G.R. No. L-31770 December 5, 1929

THE PEOPLE OF THE PHILIPPINE ISLANDS, plaintiff-appellee,

vs.
ANTONINO HERNANDEZ, defendant-appellant.

Crispin Oben for appellant.


Attorney-General Jaranilla for appellee.

AVANCEÑA, C.J.:

In the judgment appealed from the appellant was convicted of arson and sentenced to eight years and one day
presidio mayor, with the accessaries of law, and the costs.

On February 3, 1929, Miguel Dayrit, the offended party, was living with his children in his house situated in the barrio
of Duque, municipality of Mabalacat, Province of Pampanga. At a little past midnight on that date, and after Miguel
Dayrit had retired, he noticed that the thatched roof of his house was on fire. He got up to fetch some water with
which to extinguish the fire, when, looking out of the window, he saw the appellant beside the house, carrying a stick
(Exhibit A). Miguel Dayrit shouted for help, and started to put out the fire, which he succeeded in doing, after a small
part of the roof had burned. In answer to his cries for help, Artemio Tanglao repaired to the place and saw the
defendant running away. Daniel Mallari also came, and on his way to the house met the defendant.

The appellant knew that Miguel Dayrit and his children lived and were in the house that night.

The testimony of the offended party, corroborated by that of Artemio Tanglao and Daniel Mallari, establishes beyond
all doubt the fact that it was the appellant who set fire to the house. The stick which Miguel Dayrit saw in the
appellant's possession on that night was found leaning against the house with the end burnt and a rag soaked with
petroleum dangling from it. Daniel Mallari recognized it as the stick which the appellant used in getting guava fruits.

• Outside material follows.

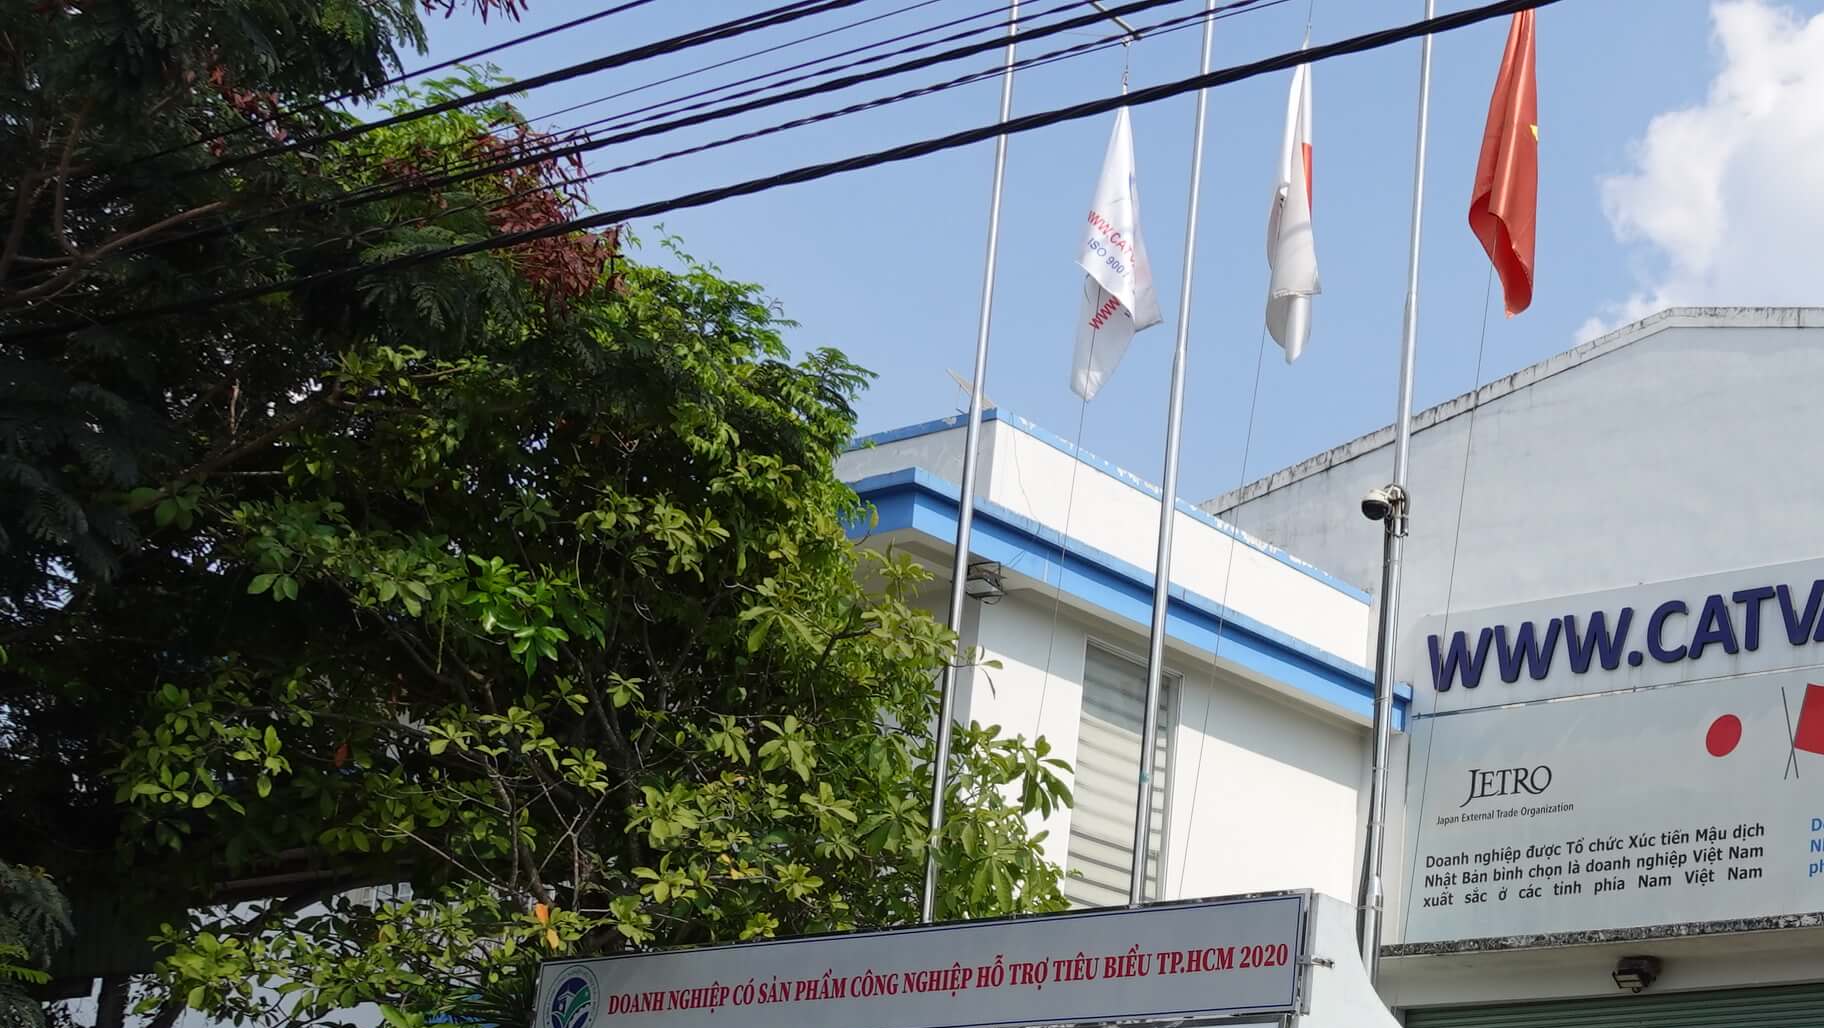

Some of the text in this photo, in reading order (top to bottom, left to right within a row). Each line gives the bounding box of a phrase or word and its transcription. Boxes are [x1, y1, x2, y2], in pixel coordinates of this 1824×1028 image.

It should be noted, moreover, that prior to the crime, the appellant and the offended party, Miguel Dayrit, had some
disagreements because the offended party suspected that the appellant was stealing his paddy piled up behind his
house. The offended party communicated his suspicions to the barrio lieutenant, who, together with the
complainant, went to the appellant's house, but the latter armed with a bolo, barred their way, saying that he would
cut them to pieces, and that he recognized no authority. This characteristic violence on the part of the appellant was
also shown when, in pursuance of this information, he was arrested; for he refused to give himself up.

The trial court held that the crime committed was only frustrated arson. We agree with the Attorney-General that the
crime was consummated. The appellant did in fact, set fire to the roof of the house, and said house was in fact
partially burned. With this, the crime of arson was consummated, notwithstanding the fact that the fire was
afterwards extinguished, for, once the fire has been started, the consummation of the crime of arson does not
depend upon the extent of the damage cause. This court has so held in the cases of United States vs. Go Foo Suy
and Go Jancho (25 Phil., 187) and United States vs. Po Chengco (23 Phil., 487).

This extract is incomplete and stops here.